• Task brief
The data must be returned in full, with no character altered.

(Saved entries)
★ ★ ★
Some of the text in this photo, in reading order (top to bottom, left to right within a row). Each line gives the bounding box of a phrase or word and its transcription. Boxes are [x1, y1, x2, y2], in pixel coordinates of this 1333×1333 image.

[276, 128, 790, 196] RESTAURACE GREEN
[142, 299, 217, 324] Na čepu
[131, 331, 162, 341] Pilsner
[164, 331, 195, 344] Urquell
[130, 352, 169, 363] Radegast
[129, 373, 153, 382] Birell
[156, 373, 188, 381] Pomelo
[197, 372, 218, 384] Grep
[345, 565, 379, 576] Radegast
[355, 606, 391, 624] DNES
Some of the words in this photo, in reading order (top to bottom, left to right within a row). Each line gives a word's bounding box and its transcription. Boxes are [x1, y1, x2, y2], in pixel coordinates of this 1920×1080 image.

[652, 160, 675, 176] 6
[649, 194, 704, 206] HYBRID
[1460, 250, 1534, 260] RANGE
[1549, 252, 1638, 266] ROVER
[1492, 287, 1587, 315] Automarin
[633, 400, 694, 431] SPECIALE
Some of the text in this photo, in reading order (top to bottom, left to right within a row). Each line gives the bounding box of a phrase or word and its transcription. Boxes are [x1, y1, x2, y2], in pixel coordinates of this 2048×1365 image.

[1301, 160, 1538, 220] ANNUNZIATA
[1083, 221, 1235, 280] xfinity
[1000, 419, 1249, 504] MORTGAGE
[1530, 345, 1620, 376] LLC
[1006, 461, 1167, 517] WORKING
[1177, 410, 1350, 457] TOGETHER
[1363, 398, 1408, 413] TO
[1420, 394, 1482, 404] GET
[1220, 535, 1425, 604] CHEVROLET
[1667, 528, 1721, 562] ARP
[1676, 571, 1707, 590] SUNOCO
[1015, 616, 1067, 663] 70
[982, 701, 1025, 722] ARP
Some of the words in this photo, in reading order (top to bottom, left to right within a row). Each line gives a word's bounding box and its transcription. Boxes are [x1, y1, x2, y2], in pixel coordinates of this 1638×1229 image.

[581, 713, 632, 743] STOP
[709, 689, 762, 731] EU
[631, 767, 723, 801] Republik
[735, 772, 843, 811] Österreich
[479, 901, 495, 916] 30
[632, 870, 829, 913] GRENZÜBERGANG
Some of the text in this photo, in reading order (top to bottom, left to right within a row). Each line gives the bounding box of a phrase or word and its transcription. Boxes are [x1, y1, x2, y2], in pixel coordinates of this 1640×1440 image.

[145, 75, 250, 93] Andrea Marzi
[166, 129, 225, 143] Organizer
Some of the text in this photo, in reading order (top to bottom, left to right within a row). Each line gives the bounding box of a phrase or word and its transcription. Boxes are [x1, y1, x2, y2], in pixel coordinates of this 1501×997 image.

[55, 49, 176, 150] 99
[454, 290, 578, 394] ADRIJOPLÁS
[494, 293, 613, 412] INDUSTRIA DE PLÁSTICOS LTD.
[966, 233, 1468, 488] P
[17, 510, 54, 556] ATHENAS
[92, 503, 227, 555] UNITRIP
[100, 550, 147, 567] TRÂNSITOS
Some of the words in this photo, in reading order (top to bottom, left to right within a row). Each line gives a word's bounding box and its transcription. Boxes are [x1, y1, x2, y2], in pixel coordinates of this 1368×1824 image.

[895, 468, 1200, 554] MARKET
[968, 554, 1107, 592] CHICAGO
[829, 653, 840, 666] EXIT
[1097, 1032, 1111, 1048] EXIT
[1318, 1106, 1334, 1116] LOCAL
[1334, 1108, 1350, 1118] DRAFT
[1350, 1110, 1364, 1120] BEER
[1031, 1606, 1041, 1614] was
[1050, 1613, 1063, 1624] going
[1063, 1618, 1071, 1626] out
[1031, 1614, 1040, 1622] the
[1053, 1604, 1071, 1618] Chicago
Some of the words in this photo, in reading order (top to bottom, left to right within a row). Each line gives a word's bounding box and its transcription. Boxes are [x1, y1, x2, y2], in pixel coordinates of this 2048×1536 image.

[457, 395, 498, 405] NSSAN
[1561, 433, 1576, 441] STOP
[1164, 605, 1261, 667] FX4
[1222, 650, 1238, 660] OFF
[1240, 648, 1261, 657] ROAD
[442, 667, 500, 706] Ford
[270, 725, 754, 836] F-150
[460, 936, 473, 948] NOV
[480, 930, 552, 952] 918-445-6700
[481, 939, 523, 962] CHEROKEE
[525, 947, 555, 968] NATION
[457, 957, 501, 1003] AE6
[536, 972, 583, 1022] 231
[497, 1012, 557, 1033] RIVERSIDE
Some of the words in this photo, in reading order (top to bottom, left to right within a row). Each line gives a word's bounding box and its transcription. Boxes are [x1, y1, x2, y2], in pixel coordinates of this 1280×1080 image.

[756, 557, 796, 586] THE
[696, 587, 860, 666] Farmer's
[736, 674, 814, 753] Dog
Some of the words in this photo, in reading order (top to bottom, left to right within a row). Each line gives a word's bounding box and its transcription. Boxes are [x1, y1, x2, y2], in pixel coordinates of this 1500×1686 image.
★ ★ ★
• Answer area
Some of the text in this photo, in reading order (top to bottom, left to right within a row). Each line gives the bounding box of a phrase or word and its transcription. Boxes are [x1, y1, x2, y2], in pixel coordinates of this 1333×1333 image.

[276, 128, 790, 196] RESTAURACE GREEN
[142, 299, 217, 324] Na čepu
[131, 331, 162, 341] Pilsner
[164, 331, 195, 344] Urquell
[130, 352, 169, 363] Radegast
[129, 373, 153, 382] Birell
[156, 373, 188, 381] Pomelo
[197, 372, 218, 384] Grep
[345, 565, 379, 576] Radegast
[355, 606, 391, 624] DNES
Some of the words in this photo, in reading order (top to bottom, left to right within a row). Each line gives a word's bounding box and its transcription. Boxes are [x1, y1, x2, y2], in pixel coordinates of this 1920×1080 image.

[652, 160, 675, 176] 6
[649, 194, 704, 206] HYBRID
[1460, 250, 1534, 260] RANGE
[1549, 252, 1638, 266] ROVER
[1492, 287, 1587, 315] Automarin
[633, 400, 694, 431] SPECIALE
Some of the text in this photo, in reading order (top to bottom, left to right within a row). Each line gives the bounding box of a phrase or word and its transcription. Boxes are [x1, y1, x2, y2], in pixel coordinates of this 2048×1365 image.

[1301, 160, 1538, 220] ANNUNZIATA
[1083, 221, 1235, 280] xfinity
[1000, 419, 1249, 504] MORTGAGE
[1530, 345, 1620, 376] LLC
[1006, 461, 1167, 517] WORKING
[1177, 410, 1350, 457] TOGETHER
[1363, 398, 1408, 413] TO
[1420, 394, 1482, 404] GET
[1220, 535, 1425, 604] CHEVROLET
[1667, 528, 1721, 562] ARP
[1676, 571, 1707, 590] SUNOCO
[1015, 616, 1067, 663] 70
[982, 701, 1025, 722] ARP
Some of the words in this photo, in reading order (top to bottom, left to right within a row). Each line gives a word's bounding box and its transcription. Boxes are [x1, y1, x2, y2], in pixel coordinates of this 1638×1229 image.

[581, 713, 632, 743] STOP
[709, 689, 762, 731] EU
[631, 767, 723, 801] Republik
[735, 772, 843, 811] Österreich
[479, 901, 495, 916] 30
[632, 870, 829, 913] GRENZÜBERGANG
Some of the text in this photo, in reading order (top to bottom, left to right within a row). Each line gives the bounding box of a phrase or word and its transcription. Boxes are [x1, y1, x2, y2], in pixel coordinates of this 1640×1440 image.

[145, 75, 250, 93] Andrea Marzi
[166, 129, 225, 143] Organizer
Some of the text in this photo, in reading order (top to bottom, left to right within a row). Each line gives the bounding box of a phrase or word and its transcription. Boxes are [x1, y1, x2, y2], in pixel coordinates of this 1501×997 image.

[55, 49, 176, 150] 99
[454, 290, 578, 394] ADRIJOPLÁS
[494, 293, 613, 412] INDUSTRIA DE PLÁSTICOS LTD.
[966, 233, 1468, 488] P
[17, 510, 54, 556] ATHENAS
[92, 503, 227, 555] UNITRIP
[100, 550, 147, 567] TRÂNSITOS
Some of the words in this photo, in reading order (top to bottom, left to right within a row). Each line gives a word's bounding box and its transcription. Boxes are [x1, y1, x2, y2], in pixel coordinates of this 1368×1824 image.

[895, 468, 1200, 554] MARKET
[968, 554, 1107, 592] CHICAGO
[829, 653, 840, 666] EXIT
[1097, 1032, 1111, 1048] EXIT
[1318, 1106, 1334, 1116] LOCAL
[1334, 1108, 1350, 1118] DRAFT
[1350, 1110, 1364, 1120] BEER
[1031, 1606, 1041, 1614] was
[1050, 1613, 1063, 1624] going
[1063, 1618, 1071, 1626] out
[1031, 1614, 1040, 1622] the
[1053, 1604, 1071, 1618] Chicago
Some of the words in this photo, in reading order (top to bottom, left to right within a row). Each line gives a word's bounding box and its transcription. Boxes are [x1, y1, x2, y2], in pixel coordinates of this 2048×1536 image.

[457, 395, 498, 405] NSSAN
[1561, 433, 1576, 441] STOP
[1164, 605, 1261, 667] FX4
[1222, 650, 1238, 660] OFF
[1240, 648, 1261, 657] ROAD
[442, 667, 500, 706] Ford
[270, 725, 754, 836] F-150
[460, 936, 473, 948] NOV
[480, 930, 552, 952] 918-445-6700
[481, 939, 523, 962] CHEROKEE
[525, 947, 555, 968] NATION
[457, 957, 501, 1003] AE6
[536, 972, 583, 1022] 231
[497, 1012, 557, 1033] RIVERSIDE
Some of the words in this photo, in reading order (top to bottom, left to right within a row). Each line gives a word's bounding box and its transcription. Boxes are [x1, y1, x2, y2], in pixel coordinates of this 1280×1080 image.

[756, 557, 796, 586] THE
[696, 587, 860, 666] Farmer's
[736, 674, 814, 753] Dog
Some of the words in this photo, in reading order (top to bottom, left to right within a row). Each line gives a word's bounding box and its transcription. Boxes are [x1, y1, x2, y2], in pixel coordinates of this 1500×1686 image.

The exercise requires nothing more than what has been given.